When describing what the second stage of labour is, one of the easiest ways to keep it in someone’s memory is to tell them it is the part where the ‘pushing’ bit happens. Though you might be surprised that the ‘pushing’ we talk about isn’t like what you may have seen on programmes like OBEM or in the movies. We will chat about this in a bit.

It is so much more than that! Understanding your body is crucial to trusting in its ability to birth your baby, so here is some key information about the second stage of labour.


The Second Stage of labour is when your cervix is 10cm dilated, or fully dilated, to the birth of your baby.

In order to birth your baby, you will continue having surges, although they can often be less frequent and slightly longer in length than they have been in earlier labour. This is a clever mechanism, to provide you with a bit of a rest period in between each surge.

I like to imagine it as more of a transition from the first to second stage, as opposed to a start and end, labour is not black and white, there isn’t an absolute moment where you know you have passed into the second stage of labour.

The process of birthing your baby is not just about ‘pushing’ either – as with the entire labour process, there is more to it than that, it can take time and energy.
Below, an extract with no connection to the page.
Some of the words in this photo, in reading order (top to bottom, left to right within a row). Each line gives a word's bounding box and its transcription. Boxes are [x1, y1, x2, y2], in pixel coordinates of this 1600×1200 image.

Being aware of your position and keeping active and mobile can be hugely beneficial.


As with all of our previous stages of labour posts, it is hard to predict at what point you will enter the second stage of labour.
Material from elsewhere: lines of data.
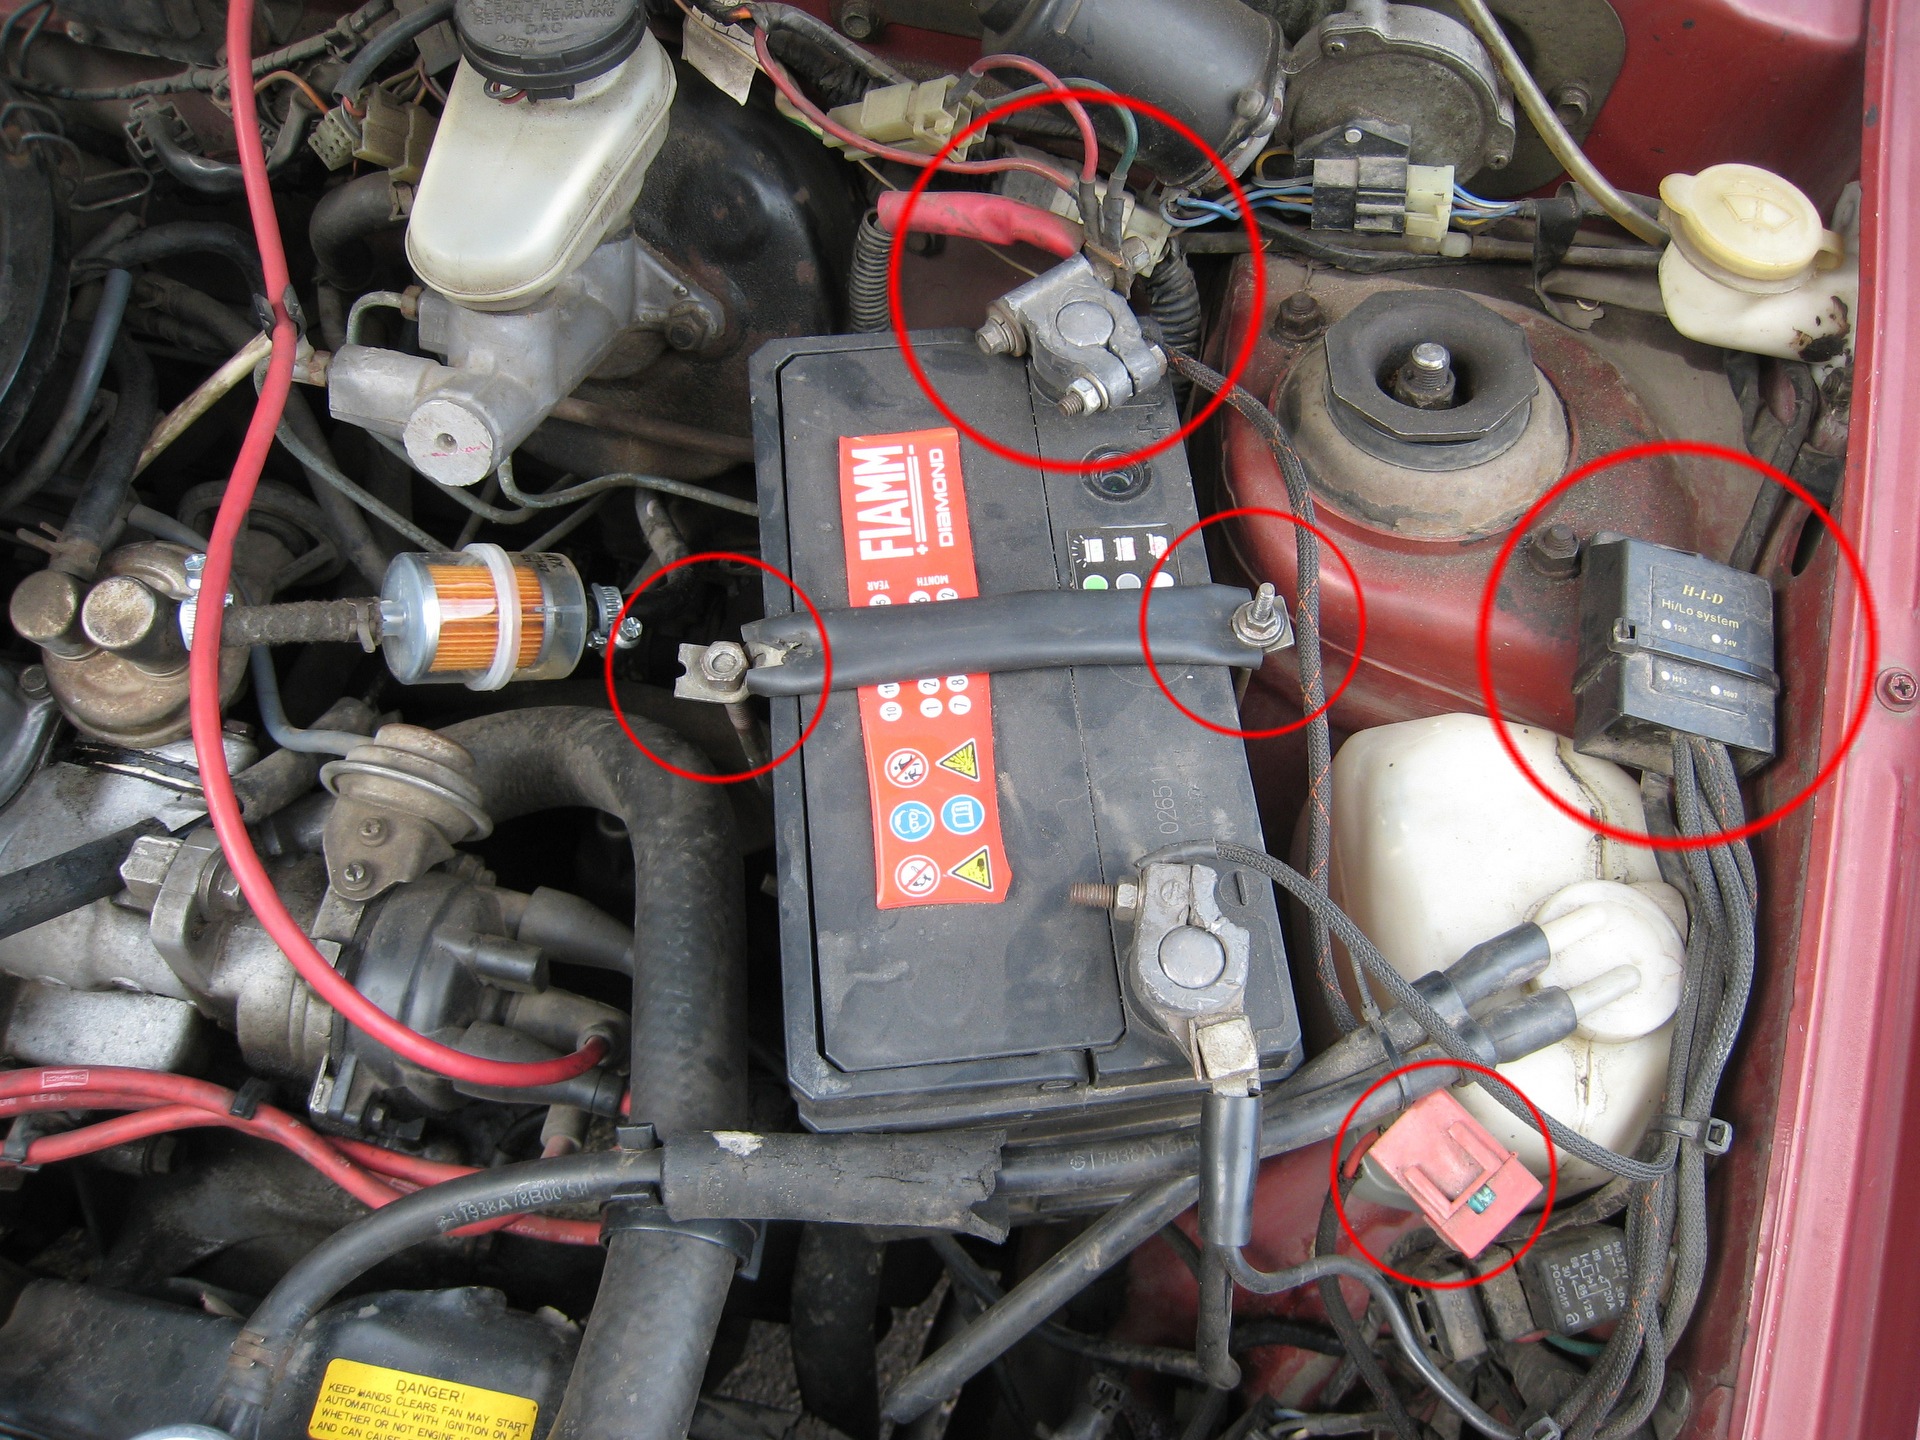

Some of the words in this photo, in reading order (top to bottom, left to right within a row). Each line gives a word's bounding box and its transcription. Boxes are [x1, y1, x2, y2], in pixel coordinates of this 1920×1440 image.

[475, 12, 533, 25] BEFORE
[543, 7, 616, 21] REMOVING
[495, 33, 536, 49] OPEN
[851, 445, 914, 561] FIAMM
[929, 448, 955, 547] DIAMOND
[867, 580, 890, 591] YEAR
[916, 574, 949, 587] MONTH
[1682, 584, 1724, 605] H-I-D
[1661, 598, 1694, 616] Hi/Lo
[1696, 610, 1740, 630] system
[1673, 623, 1688, 633] 12V
[1723, 638, 1737, 648] 24V
[1672, 674, 1687, 685] H13
[886, 706, 897, 717] 10
[1561, 1265, 1571, 1278] 30
[1550, 1263, 1570, 1308] РОССИЯ
[396, 1379, 467, 1404] DANGER!
[328, 1382, 361, 1396] KEEP
[358, 1388, 392, 1404] HANDS
[441, 1407, 463, 1419] FAN
[467, 1411, 490, 1425] MAY
[495, 1417, 529, 1433] START
[321, 1407, 371, 1427] WHETHER
[374, 1418, 390, 1430] OR
[392, 1422, 414, 1436] NOT
[417, 1429, 456, 1440] ENGINE
[324, 1395, 409, 1420] AUTOMATICALLY
[412, 1413, 439, 1426] WITH
[444, 1419, 490, 1437] IGNITION
[492, 1429, 508, 1440] ON
[316, 1420, 338, 1432] AND
[341, 1425, 363, 1437] CAN
There are often some common signs that this stage may be approaching, these include:

Feeling pressure in your bottom or the need to open your bowels
Feeling nauseous or vomiting
Feeling the baby move lower into your pelvis
Mentally, you may feel a sense of being out of control
A rhombus shape may appear on your lower back, this is known as the Rhombus of Michaelas and is a sign that your pelvic bones are adapting, to make way for your baby
The purple line – this is a line which appears between your buttocks and can indicate that your labour is progressing
The instinctual urge to bare down, this may be something you have control over, or alternatively may be a sensation which is out of your control
The need to be in a private place
There may be physiological changes in the baby’s heart rate, due to compression of their head
You may also be offered a vaginal examination, which could confirm your cervical dilatation at that moment. This is not always necessary if other signs are present and is your decision at all times.


By this point in your labour, it would be brilliant if you were in your chosen place of birth, with your care provider present. This could be at home, in a midwifery led unit or in a hospital environment.

However, there are occasions where you may be entering the second stage of labour and are not where you have chosen to give birth, for example, if you are in the car on the way to your chosen place or have remained at home during the majority of your labour.

The important thing to remember is that wherever you are, you are capable of birthing your baby. The tools and techniques you will learn in your hypnobirthing class will be so beneficial now to support you in remaining calm and relaxed.

If you are experiencing the common signs of entering the second stage of labour, it is advised that if you feel you can safely make your way to your chosen place of birth, then do so, alternatively, you could remain at home and call 999, asking for a paramedic ambulance. Always call the maternity triage number provided on your notes for further support in this scenario. Of course if you have chosen to birth your baby at home then hopefully by this point your dedicated Midwife will have arrived and will be ready to support you.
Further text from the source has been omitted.